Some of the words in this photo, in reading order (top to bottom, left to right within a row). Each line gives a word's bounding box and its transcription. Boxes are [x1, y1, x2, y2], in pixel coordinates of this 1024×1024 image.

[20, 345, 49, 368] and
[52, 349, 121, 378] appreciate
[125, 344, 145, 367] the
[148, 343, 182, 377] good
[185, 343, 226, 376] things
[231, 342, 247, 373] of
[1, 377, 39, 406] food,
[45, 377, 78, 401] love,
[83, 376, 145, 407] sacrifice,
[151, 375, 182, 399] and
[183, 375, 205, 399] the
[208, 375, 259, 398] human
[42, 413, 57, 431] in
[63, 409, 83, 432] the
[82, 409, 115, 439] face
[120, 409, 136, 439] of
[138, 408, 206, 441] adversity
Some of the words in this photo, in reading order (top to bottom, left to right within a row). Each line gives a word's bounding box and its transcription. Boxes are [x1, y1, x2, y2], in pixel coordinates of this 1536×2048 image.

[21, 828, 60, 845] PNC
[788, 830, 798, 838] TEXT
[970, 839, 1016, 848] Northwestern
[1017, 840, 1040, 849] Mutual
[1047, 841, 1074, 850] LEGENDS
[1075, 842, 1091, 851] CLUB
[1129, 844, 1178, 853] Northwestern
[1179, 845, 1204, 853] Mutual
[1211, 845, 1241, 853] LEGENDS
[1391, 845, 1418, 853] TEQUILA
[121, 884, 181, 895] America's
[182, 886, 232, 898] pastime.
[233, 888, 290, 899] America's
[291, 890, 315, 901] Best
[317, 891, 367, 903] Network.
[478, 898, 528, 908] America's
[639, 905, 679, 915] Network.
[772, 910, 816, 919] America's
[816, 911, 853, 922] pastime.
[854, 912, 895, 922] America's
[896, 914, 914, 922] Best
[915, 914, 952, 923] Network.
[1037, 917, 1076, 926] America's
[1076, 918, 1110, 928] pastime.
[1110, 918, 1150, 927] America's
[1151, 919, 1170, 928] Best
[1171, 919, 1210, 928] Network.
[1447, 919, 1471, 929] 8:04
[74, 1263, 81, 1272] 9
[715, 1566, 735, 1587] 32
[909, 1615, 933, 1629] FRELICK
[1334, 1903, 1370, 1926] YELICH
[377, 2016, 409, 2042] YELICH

*To do*.
Retype all of the data exactly. Leave nothing out.

*Answer*.
Some of the words in this photo, in reading order (top to bottom, left to right within a row). Each line gives a word's bounding box and its transcription. Boxes are [x1, y1, x2, y2], in pixel coordinates of this 1024×1024 image.

[20, 345, 49, 368] and
[52, 349, 121, 378] appreciate
[125, 344, 145, 367] the
[148, 343, 182, 377] good
[185, 343, 226, 376] things
[231, 342, 247, 373] of
[1, 377, 39, 406] food,
[45, 377, 78, 401] love,
[83, 376, 145, 407] sacrifice,
[151, 375, 182, 399] and
[183, 375, 205, 399] the
[208, 375, 259, 398] human
[42, 413, 57, 431] in
[63, 409, 83, 432] the
[82, 409, 115, 439] face
[120, 409, 136, 439] of
[138, 408, 206, 441] adversity
Some of the words in this photo, in reading order (top to bottom, left to right within a row). Each line gives a word's bounding box and its transcription. Boxes are [x1, y1, x2, y2], in pixel coordinates of this 1536×2048 image.

[21, 828, 60, 845] PNC
[788, 830, 798, 838] TEXT
[970, 839, 1016, 848] Northwestern
[1017, 840, 1040, 849] Mutual
[1047, 841, 1074, 850] LEGENDS
[1075, 842, 1091, 851] CLUB
[1129, 844, 1178, 853] Northwestern
[1179, 845, 1204, 853] Mutual
[1211, 845, 1241, 853] LEGENDS
[1391, 845, 1418, 853] TEQUILA
[121, 884, 181, 895] America's
[182, 886, 232, 898] pastime.
[233, 888, 290, 899] America's
[291, 890, 315, 901] Best
[317, 891, 367, 903] Network.
[478, 898, 528, 908] America's
[639, 905, 679, 915] Network.
[772, 910, 816, 919] America's
[816, 911, 853, 922] pastime.
[854, 912, 895, 922] America's
[896, 914, 914, 922] Best
[915, 914, 952, 923] Network.
[1037, 917, 1076, 926] America's
[1076, 918, 1110, 928] pastime.
[1110, 918, 1150, 927] America's
[1151, 919, 1170, 928] Best
[1171, 919, 1210, 928] Network.
[1447, 919, 1471, 929] 8:04
[74, 1263, 81, 1272] 9
[715, 1566, 735, 1587] 32
[909, 1615, 933, 1629] FRELICK
[1334, 1903, 1370, 1926] YELICH
[377, 2016, 409, 2042] YELICH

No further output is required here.